Behan said adjusting to life on a bluewater sailboat was different for everyone. The kids seemed to adjust overnight.

“At their age, they just wanted to be hanging out with mom and dad, and the more time you had with family the better,” she said. “We went from having a dual-career, shuttling kids to school and daycare to 24/7 togetherness. It was great as far as the kids were concerned.”

Photo of the family's bluewater sailboat Sailing Totem at sunset
Photo: www.sailingtotem.com
The family works and cooks inside their bluewater yacht Totem
Photo: www.sailingtotem.com

Behan said for her and her husband, it was a little tricker. She was used to her busy job where she commuted three hours per day, so it took her longer to step into a slower-paced life. Her husband Jamie had an easier time of it. He owned his own business with had more control over his day-to-day life.

[You might also like: 13 items I can’t do without on the sailboat ]

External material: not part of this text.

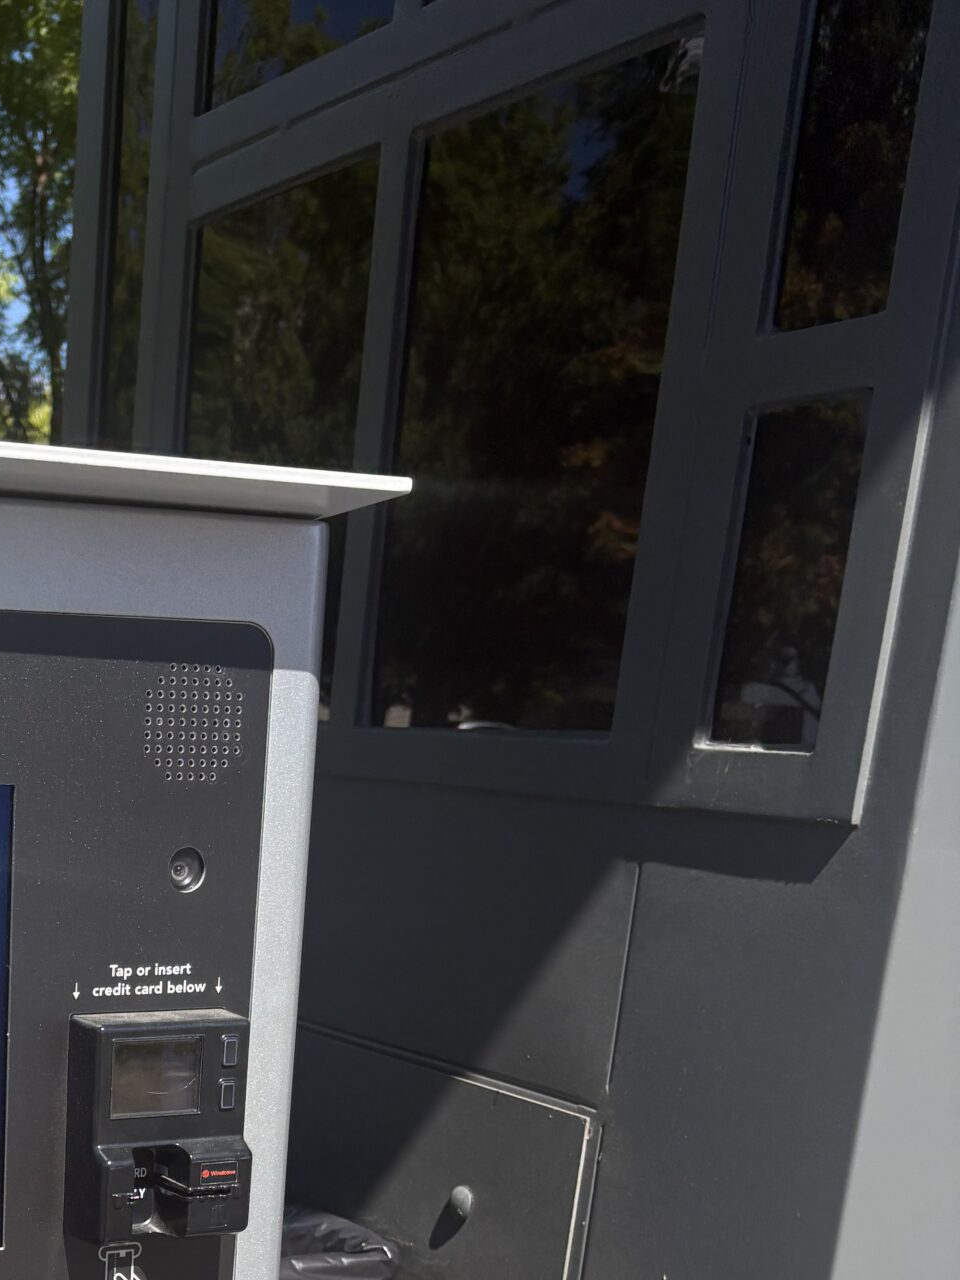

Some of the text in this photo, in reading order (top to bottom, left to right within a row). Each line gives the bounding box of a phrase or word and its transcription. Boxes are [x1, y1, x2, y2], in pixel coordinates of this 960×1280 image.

[109, 962, 192, 980] Tap or insert
[92, 979, 207, 997] credit card below
[134, 1167, 147, 1178] RD

The family spent their first year sailing near in the Pacific Northwest and Canada, then along the West Coast to Mexico. Eventually, they really got out into bluewater yachting and did a 3,000-mile ocean crossing to the South Pacific.

How they make money to stay afloat while bluewater sailing

When Behan and Jamie first got the idea to go bluewater yachting full-time, they imagined being out on the water for 2 to 5 years.  They started out living off their savings, but when they decided to stay out longer than five years, they had to really figure out a way to bring home more bacon.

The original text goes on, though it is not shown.